** Opening Data records block **

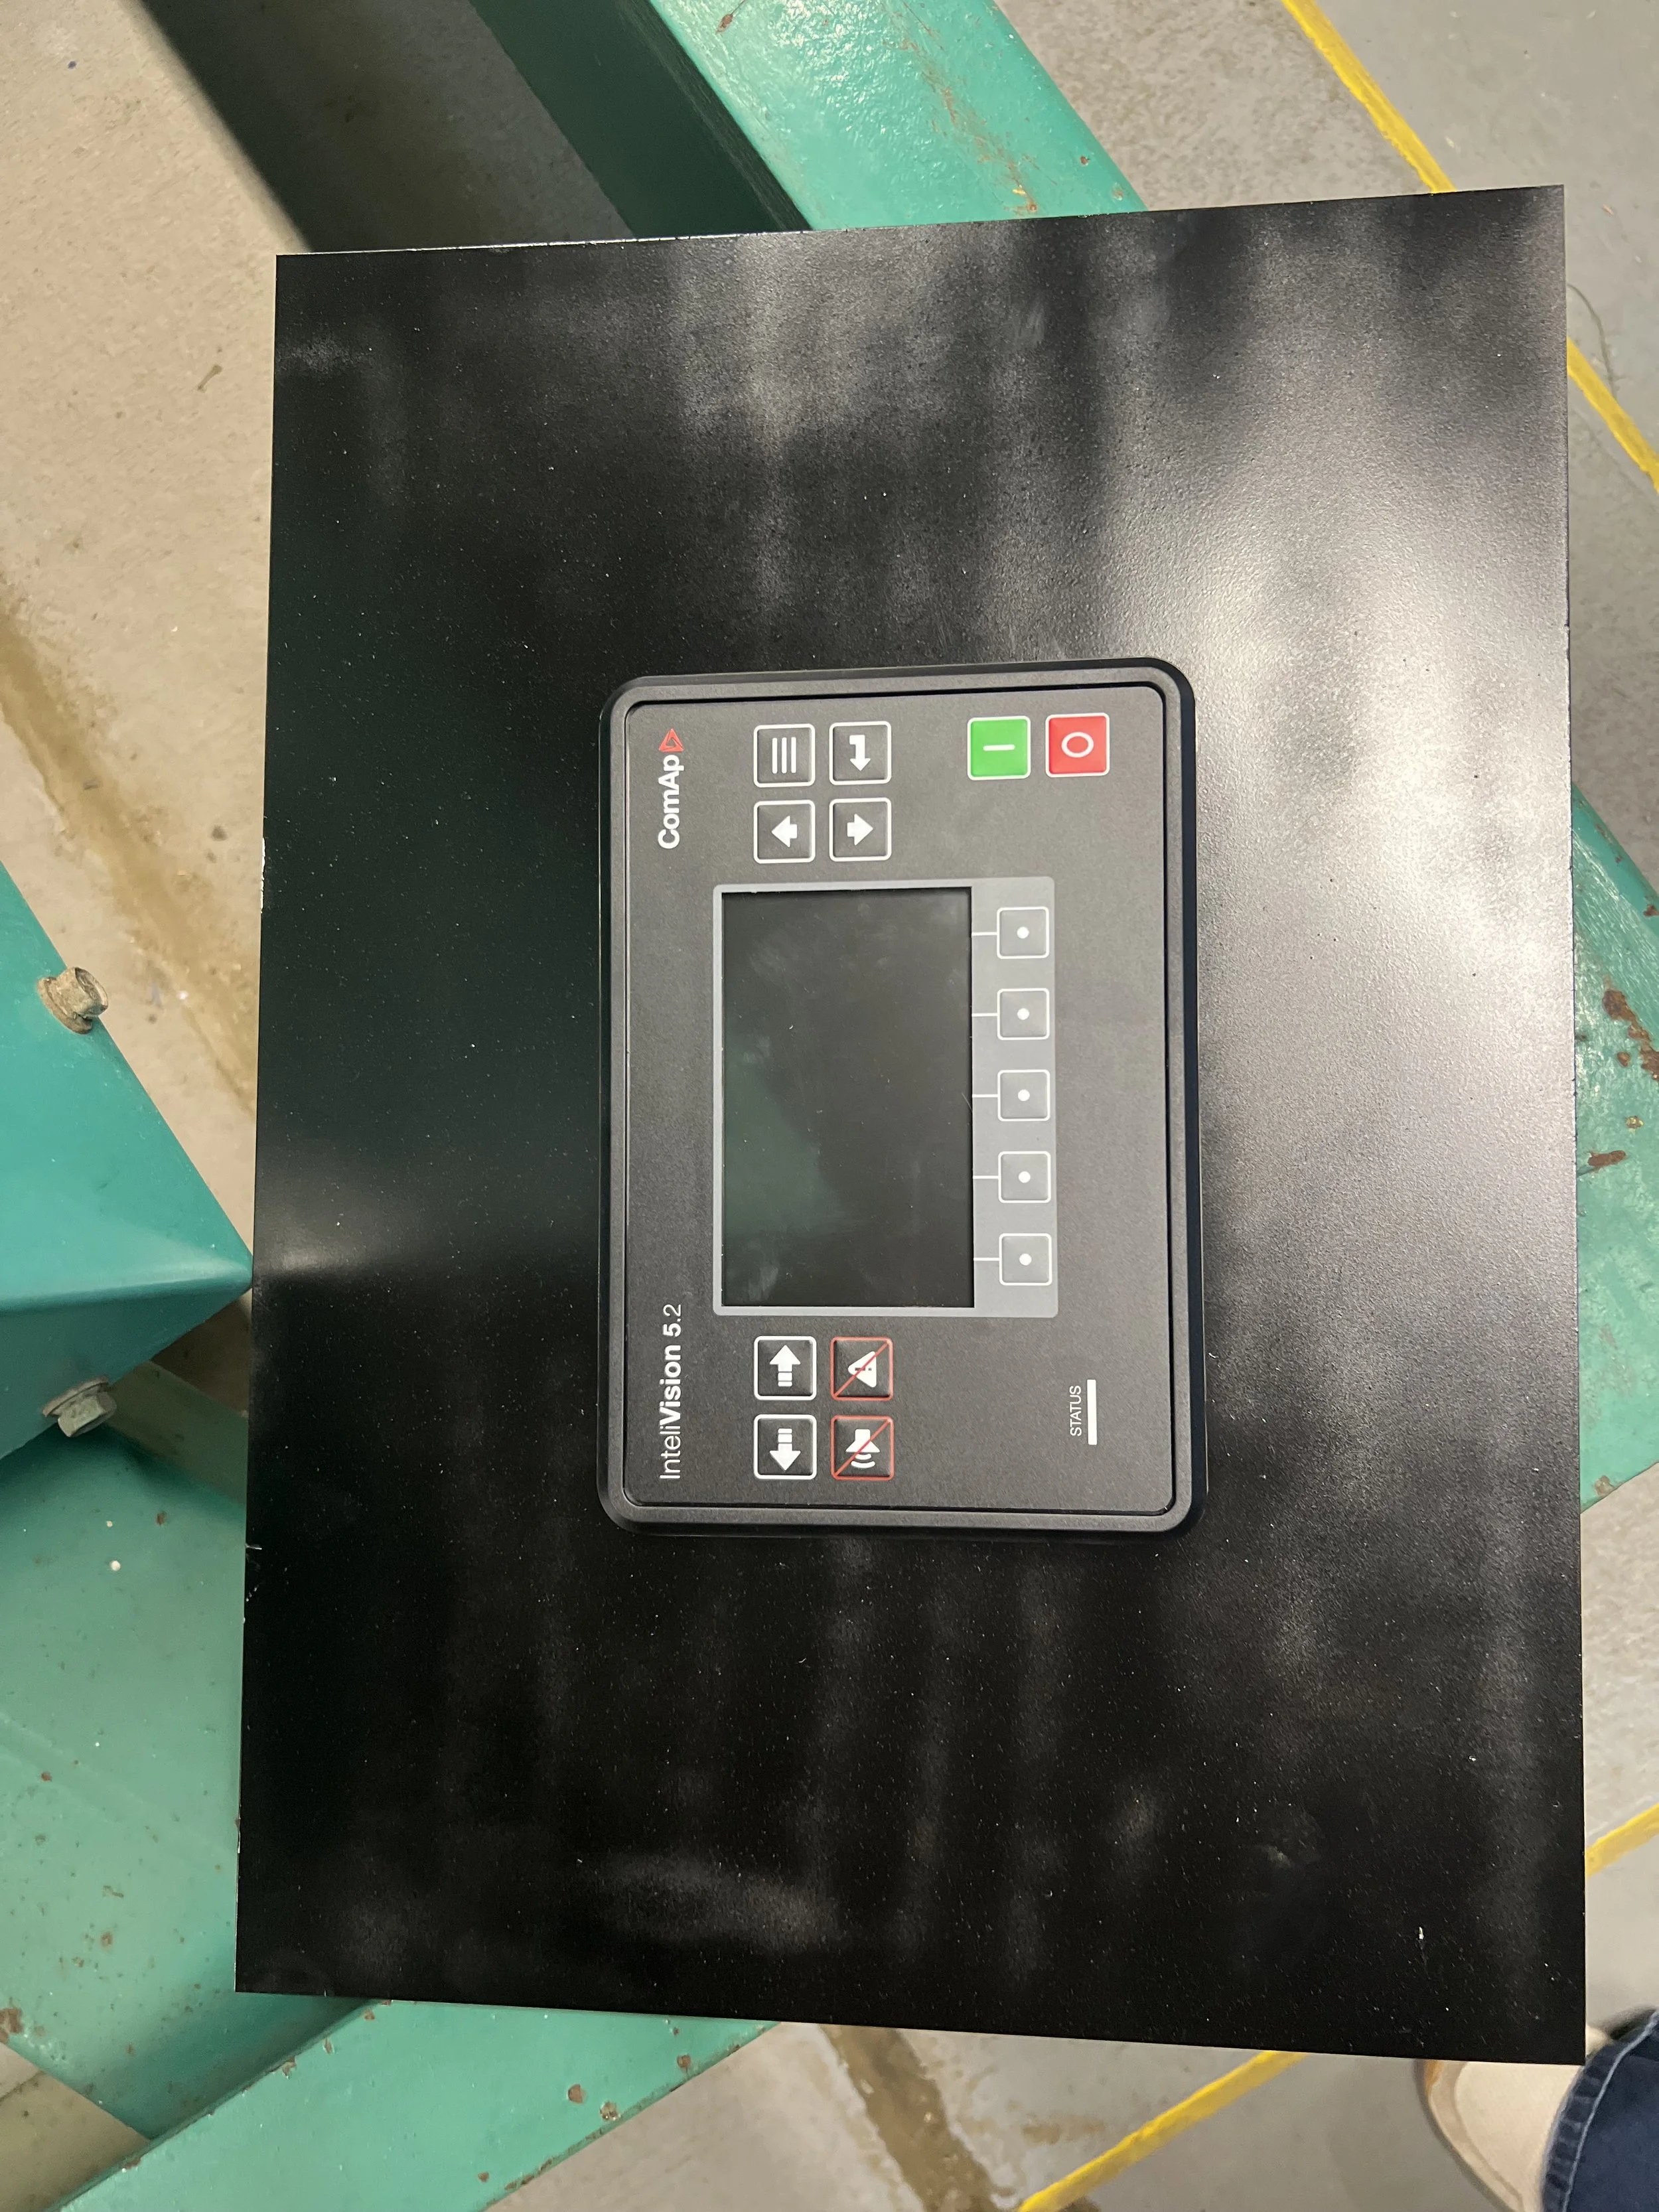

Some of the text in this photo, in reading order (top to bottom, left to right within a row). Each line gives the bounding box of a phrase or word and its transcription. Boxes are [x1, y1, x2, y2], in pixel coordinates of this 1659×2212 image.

[658, 754, 685, 849] ComAp
[659, 1303, 682, 1479] InteliVision 5.2
[1069, 1385, 1082, 1437] STATUS
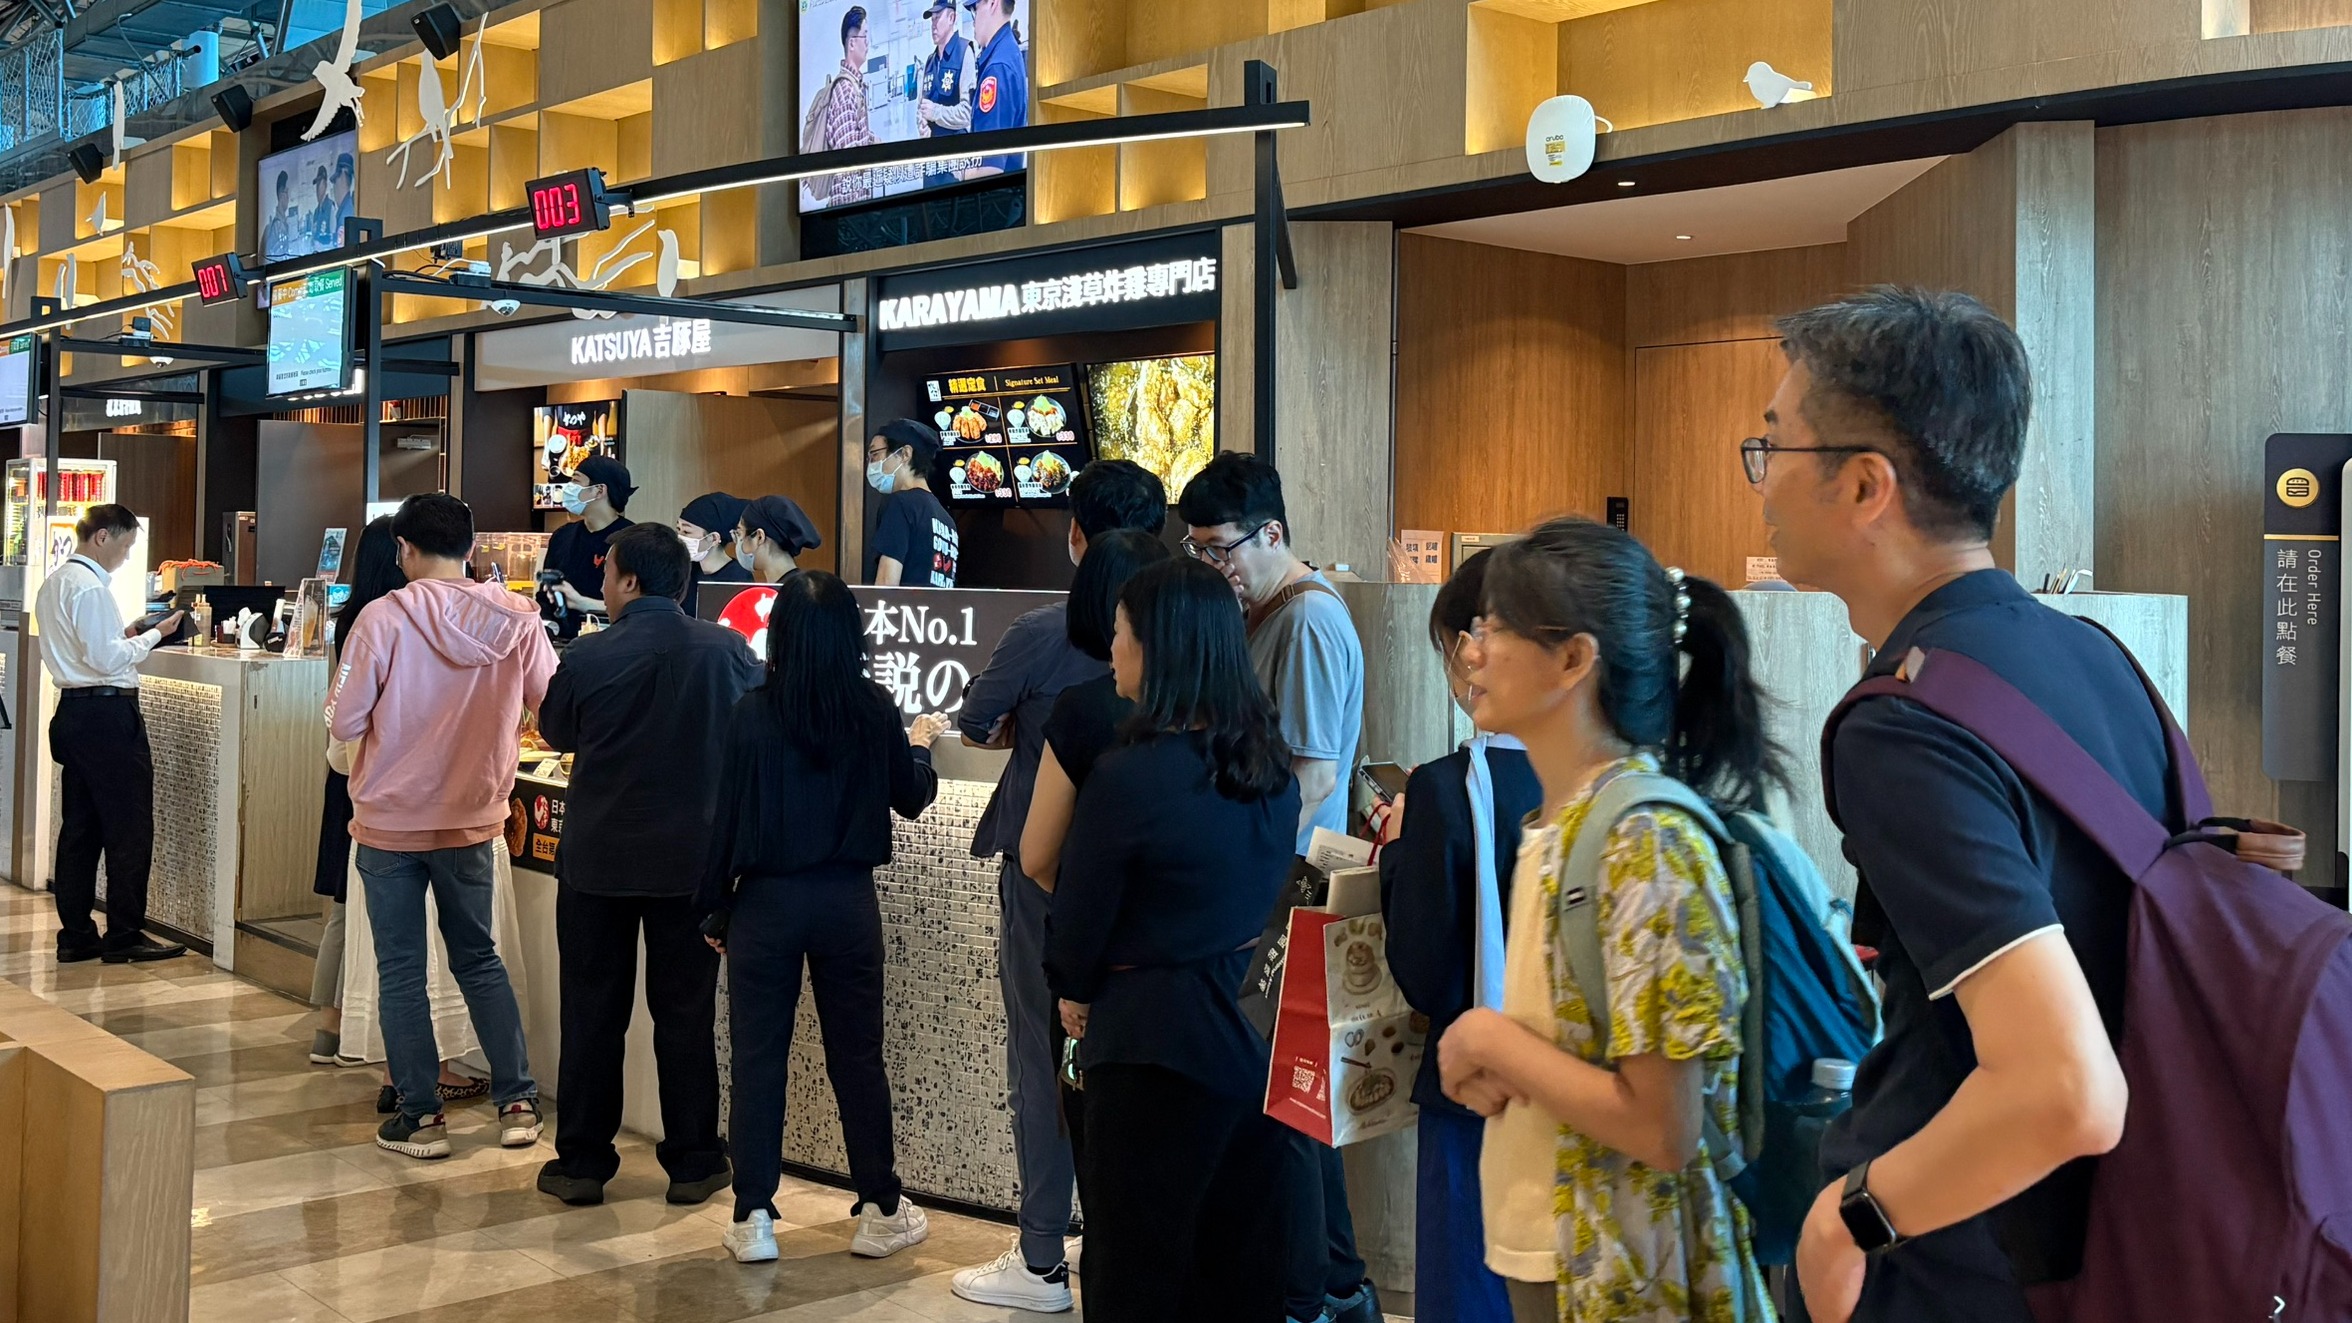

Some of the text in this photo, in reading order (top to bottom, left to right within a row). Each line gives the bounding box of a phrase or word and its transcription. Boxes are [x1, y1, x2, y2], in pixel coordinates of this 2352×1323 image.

** Closing Data records block **

* [Required action]: The output should consist of the records above, reproduced exactly, without pictures.

* [Result]:
Some of the text in this photo, in reading order (top to bottom, left to right within a row). Each line gives the bounding box of a phrase or word and its transcription. Boxes are [x1, y1, x2, y2], in pixel coordinates of this 1659×2212 image.

[658, 754, 685, 849] ComAp
[659, 1303, 682, 1479] InteliVision 5.2
[1069, 1385, 1082, 1437] STATUS

Some of the text in this photo, in reading order (top to bottom, left to right within a row). Each line gives the bounding box of a phrase or word and its transcription. Boxes are [x1, y1, x2, y2], in pixel coordinates of this 2352×1323 image.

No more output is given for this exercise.